In the past few years there have been repeated fatal attacks on Iranian nuclear specialists, which Israel was commonly suspected to be the perpetrator. After all, the Iranian leadership has repeatedly threatened the Jewish state with extinction. The killing of Iranian experts appeared to be a way Israel tried to prevent the enemy from obtaining the bomb without starting a war. But the killing of Fakhrizadeh could cause serious conflict. Also because of the timing.
Speculation about military strike by Trump
In the past few months, the clashes in the Middle East had subsided noticeably. Obviously, the actors in the region wanted to wait for the election in the USA. After all, it was widely expected that Joe Biden, as US President, would take a less confrontational stance toward Iran. Biden had also called for tougher rules for Iran, but at the same time he had shown that he wanted to achieve these more through negotiation and less with the Trump administration’s strategy of “maximum pressure”. The leadership in Tehran was waiting for better times and calls for de-escalation could also be heard from the Gulf Arabs.

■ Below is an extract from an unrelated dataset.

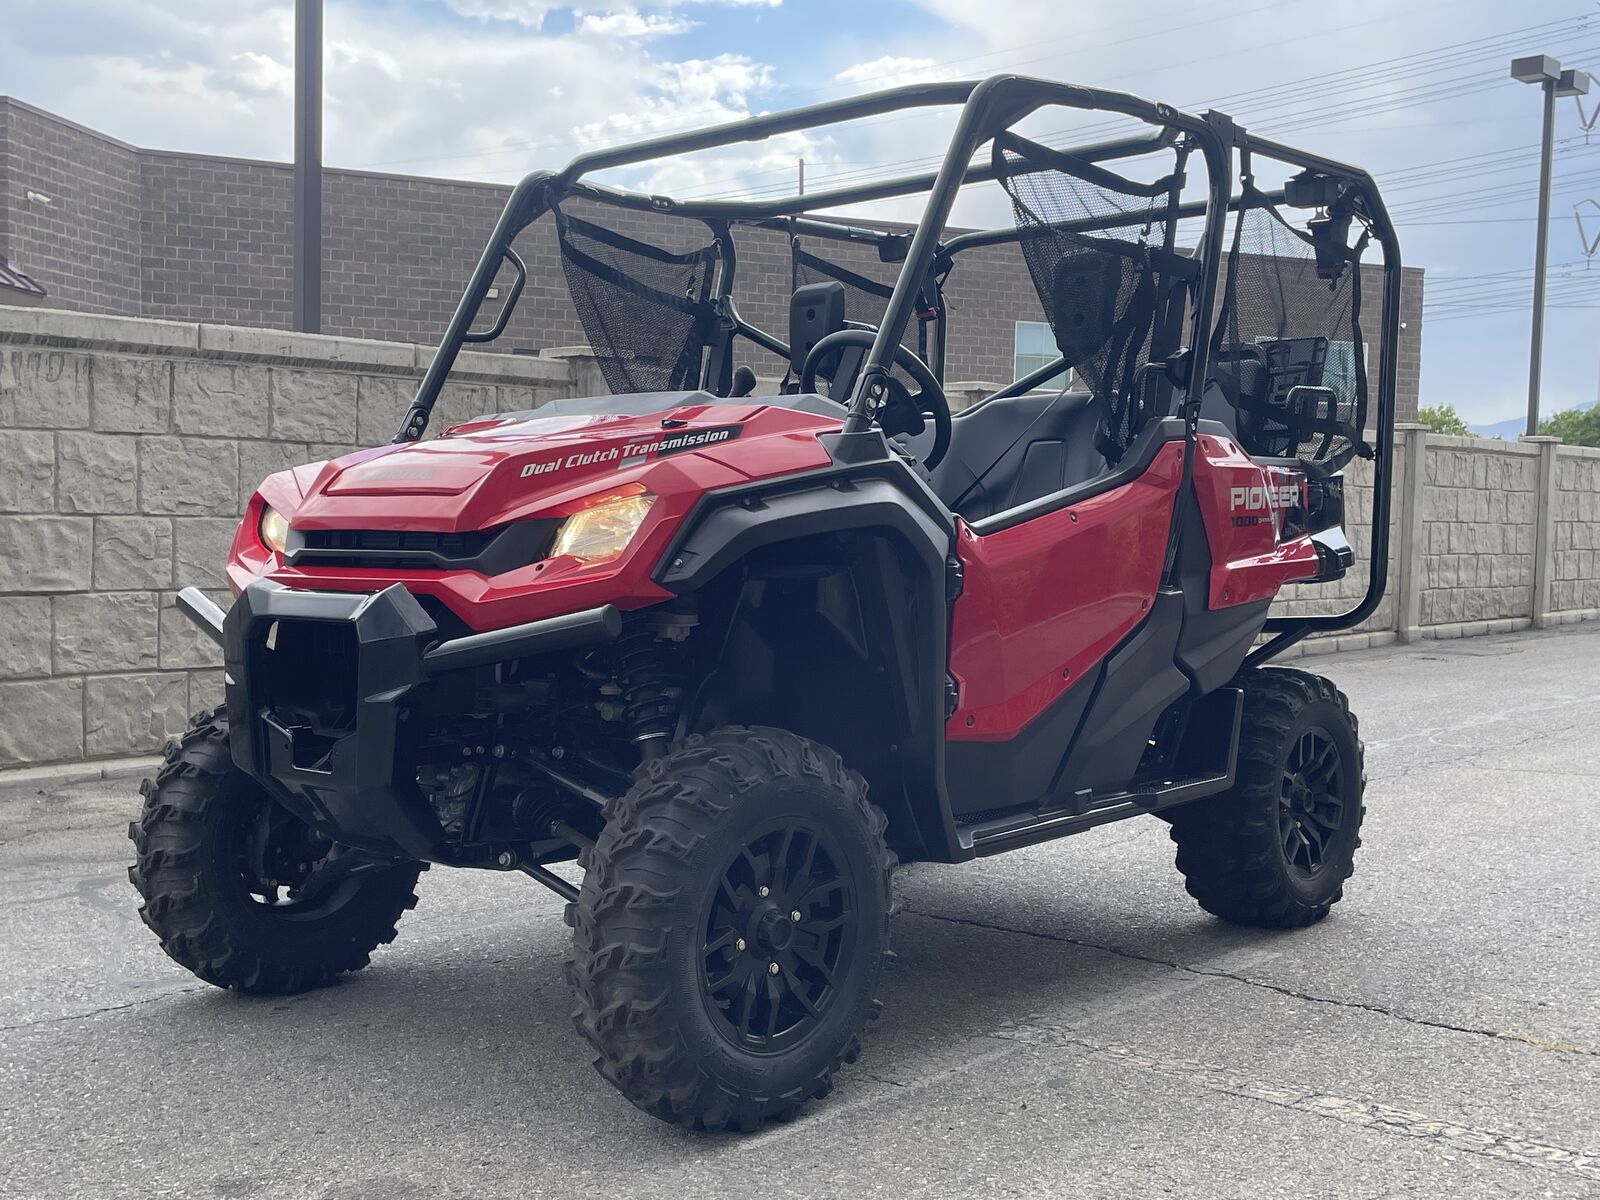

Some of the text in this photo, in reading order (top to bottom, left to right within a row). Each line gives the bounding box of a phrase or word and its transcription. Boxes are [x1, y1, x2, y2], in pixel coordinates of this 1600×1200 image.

[520, 430, 729, 478] Dual Clutch Transmission
[1231, 485, 1299, 511] PIONEER

But after Biden’s election victory, there had been speculation that Trump could carry out a military strike against the Iranian nuclear program in the last few weeks. Such suspicions were fueled by the fact that the president sacked Defense Secretary Mark Esper and numerous key decision-makers in the Pentagon after his defeat. Of course, that doesn’t necessarily mean that Trump wanted to get rid of objectors against an attack on Iran. But it can be assumed that there will now be new tensions. Because Iran will almost certainly respond to the killing of Fakhrizadeh with a counterstrike.

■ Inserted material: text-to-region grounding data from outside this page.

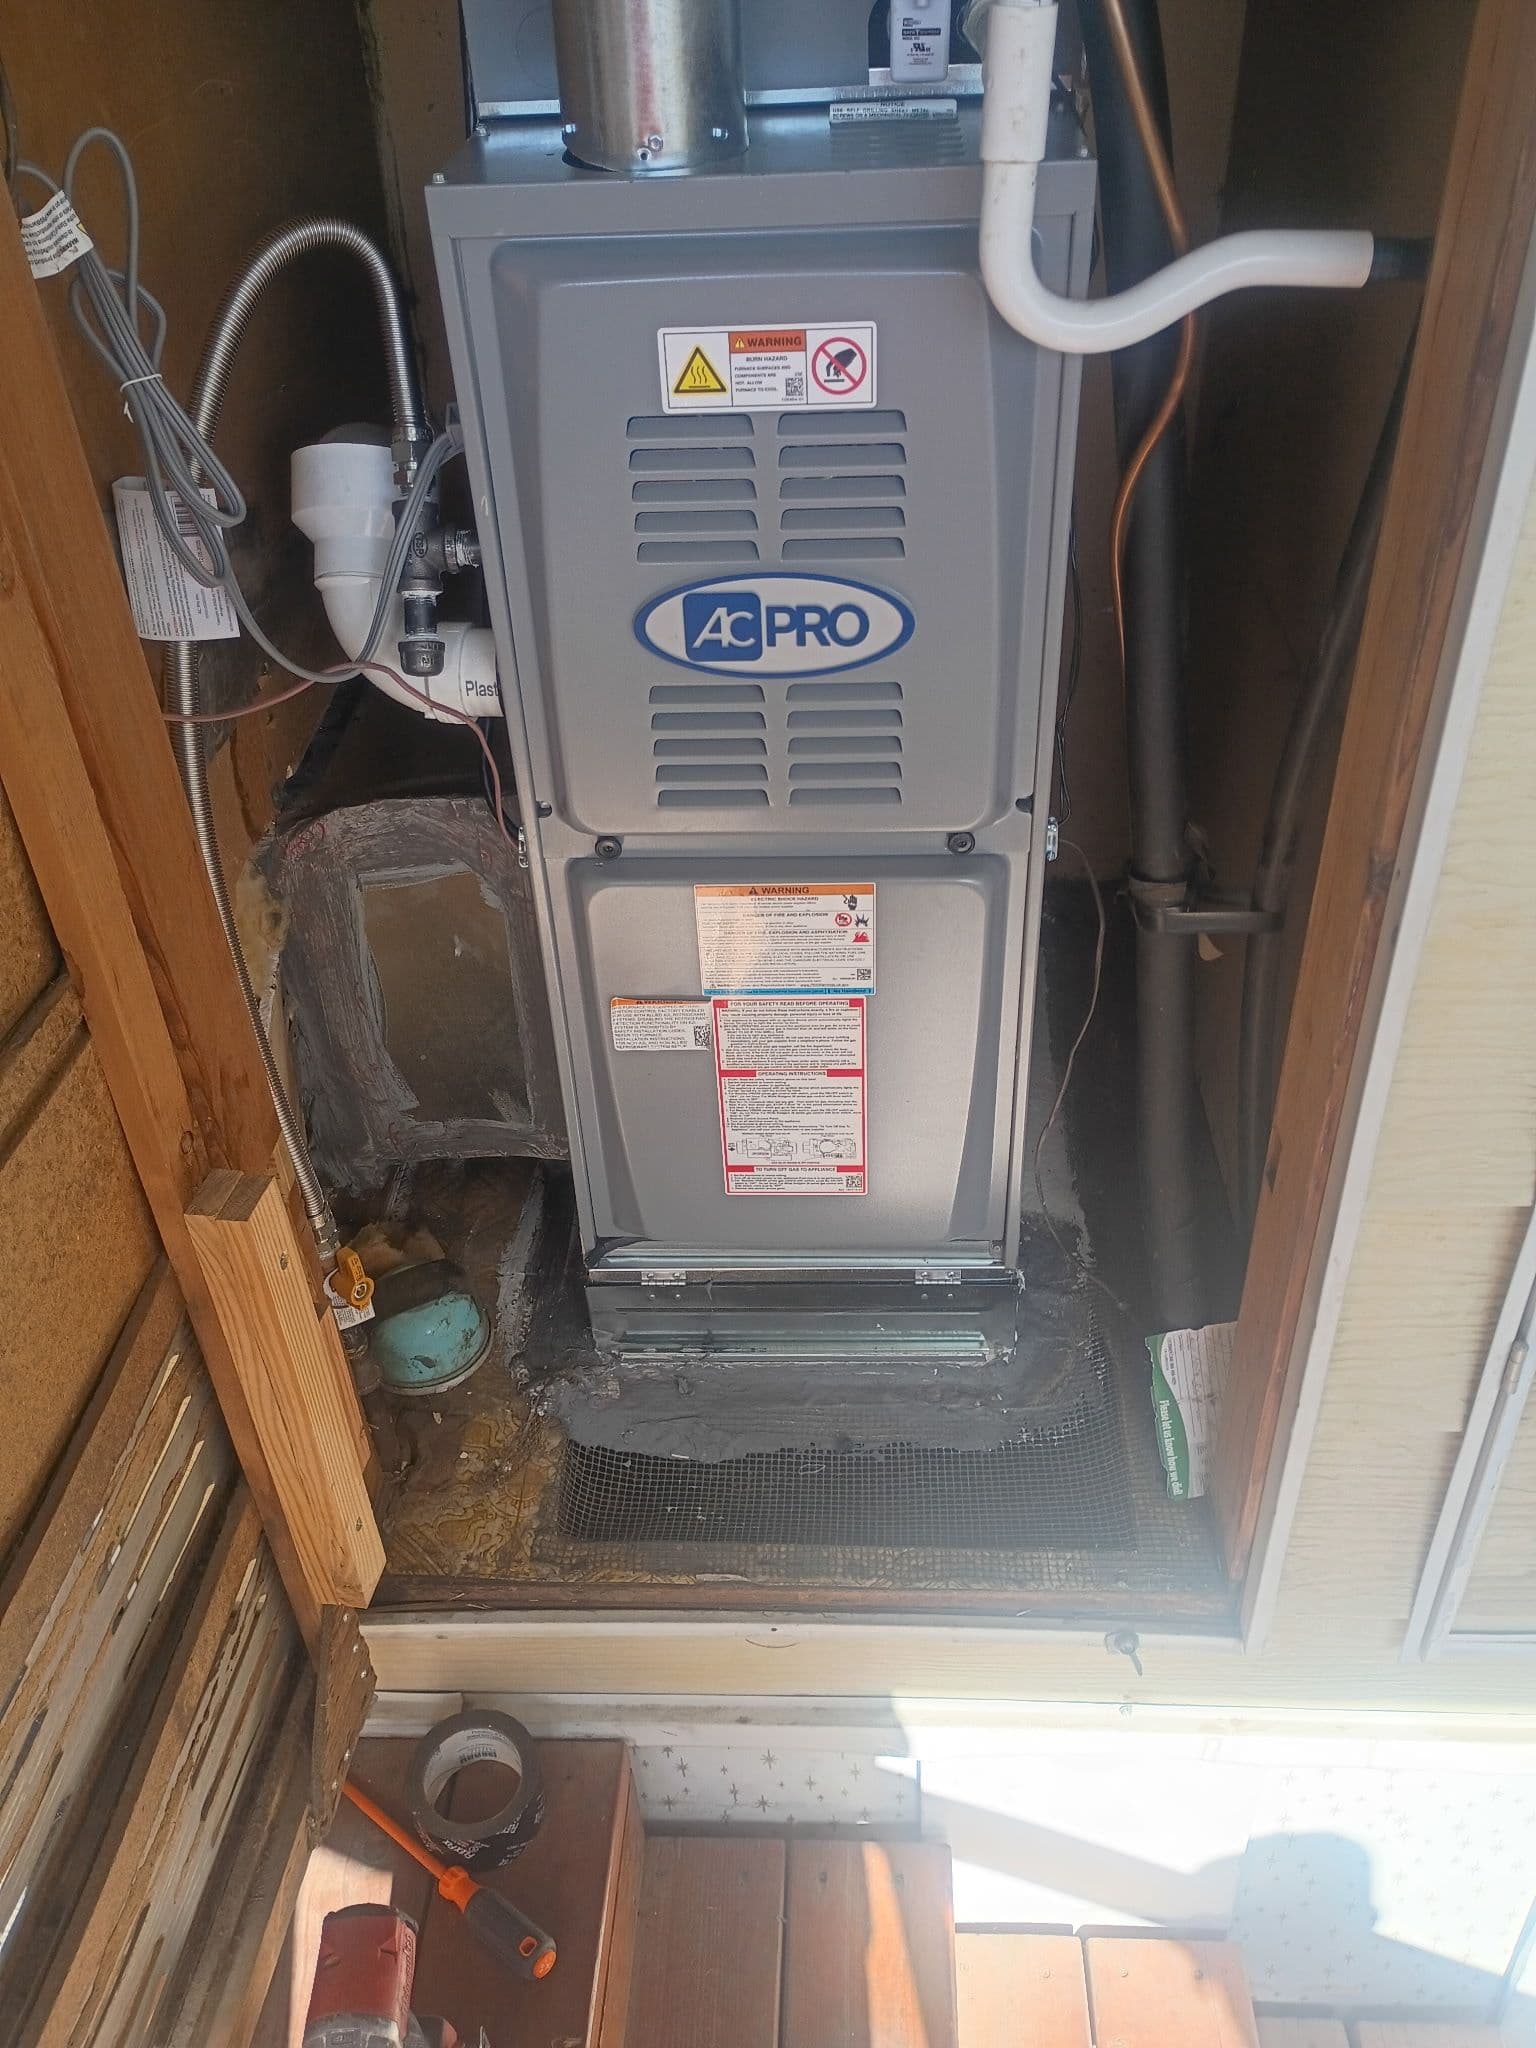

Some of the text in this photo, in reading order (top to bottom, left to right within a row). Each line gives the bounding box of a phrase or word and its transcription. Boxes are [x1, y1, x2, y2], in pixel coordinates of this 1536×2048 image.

[747, 336, 801, 347] WARNING
[691, 603, 870, 649] AC PRO
[1159, 1400, 1170, 1421] Please
[1162, 1420, 1170, 1429] let
[1164, 1430, 1171, 1438] us
[1165, 1438, 1175, 1456] know
[1168, 1456, 1178, 1471] how
[1170, 1471, 1177, 1482] we

According to a report by the AP news agency, General of the Revolutionary Guards Esmail Ghaani spoke of almost exactly such a scenario last week. The commander is the successor to General Soleimani, who was killed in January, as head of the Kuds unit, which is responsible for international operations at the Guards. During a visit to Iraq, Ghaani told allied militia leaders that they should hold back from taking action against US forces for the time being – but if there is “US aggression” before Biden took office, then “Iran’s response will match this blow “.

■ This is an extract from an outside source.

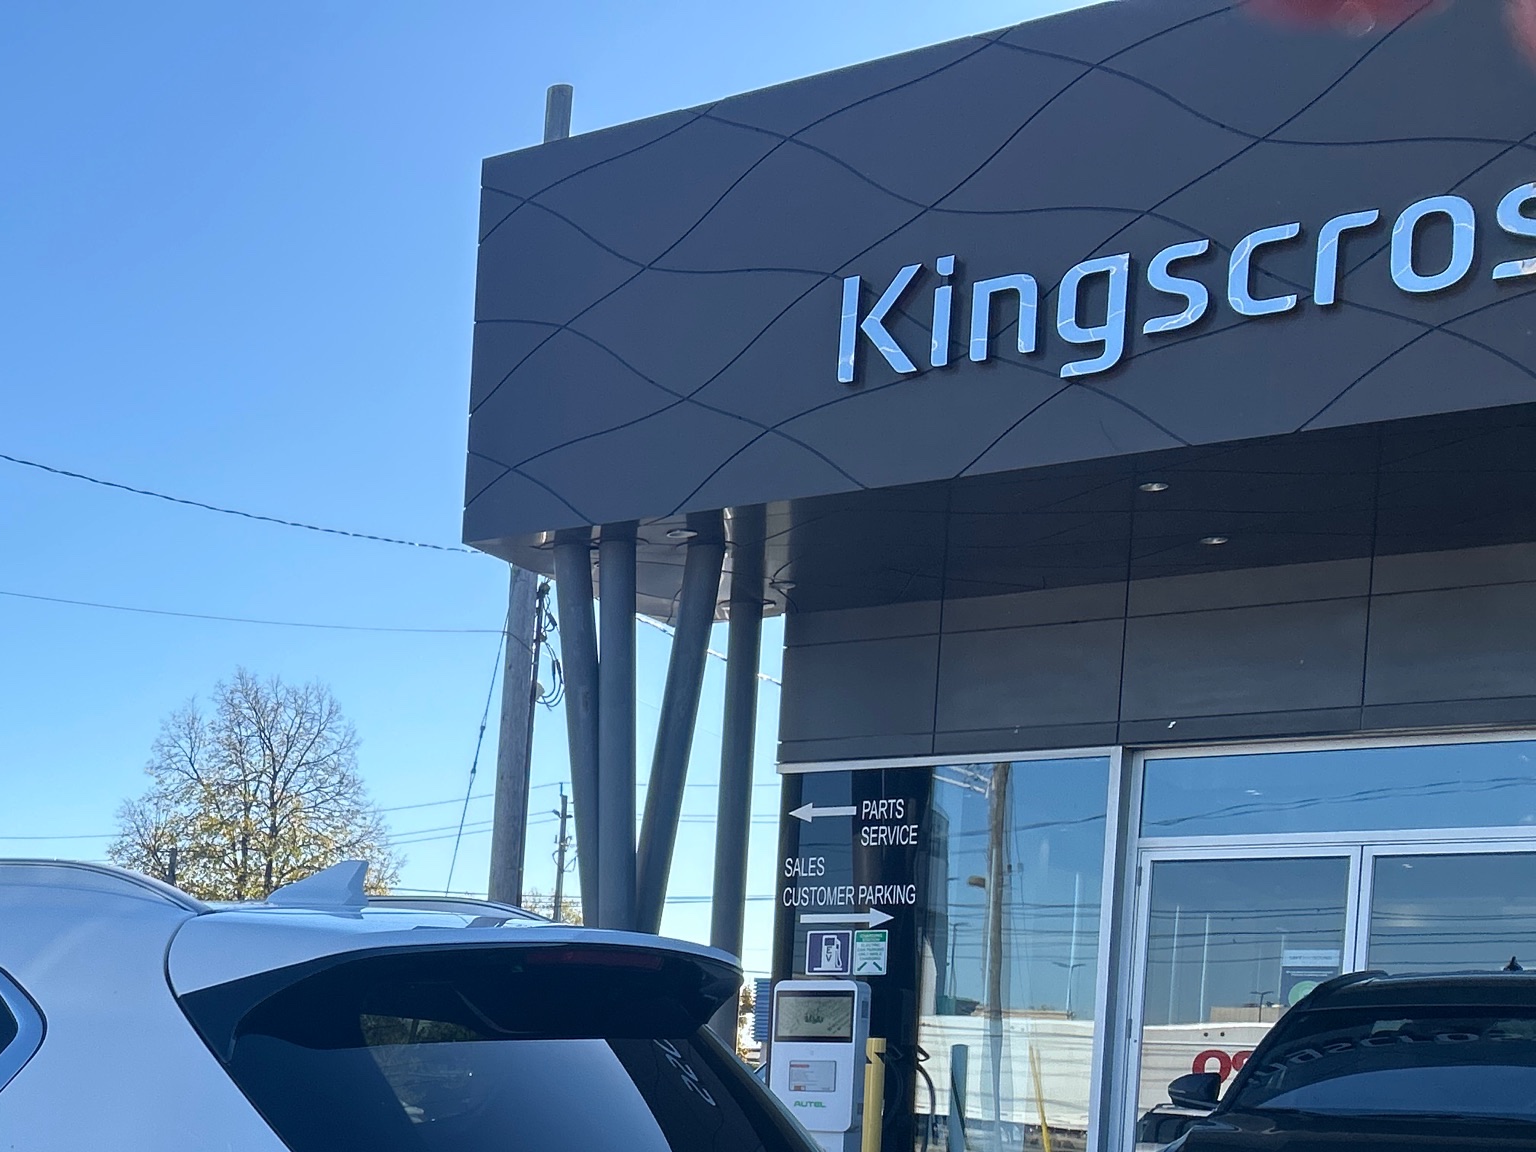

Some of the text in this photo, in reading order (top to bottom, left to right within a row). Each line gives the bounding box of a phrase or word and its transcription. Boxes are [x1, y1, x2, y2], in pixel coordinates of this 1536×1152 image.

Iran should not have the ability to meet key figures in the Israeli or American security apparatus. After Soleimani’s killing, combat groups allied with Iran attacked US bases in Iraq. Other possible counterattacks could hit Saudi oil plants again. Or Israeli diplomats, business people or tourists anywhere in the world. The sharpest weapon Iran would have against the Jewish state would be an attack by the Tehran-sponsored Hezbollah militia in Lebanon on Israeli territory. But Iran can only play this joker once and that would result in an almost uncontrollable war. The leadership in Tehran is unlikely to risk such a scenario lightly so shortly before the end of the Trump era.
Finally, Tehran could also use the machinery that the slain Fakhrizadeh himself built: the nuclear program. The leadership could accelerate its nuclear activities even further and thus get even closer to the ability to build bombs in order to be able to exert pressure – no matter who rules the White House.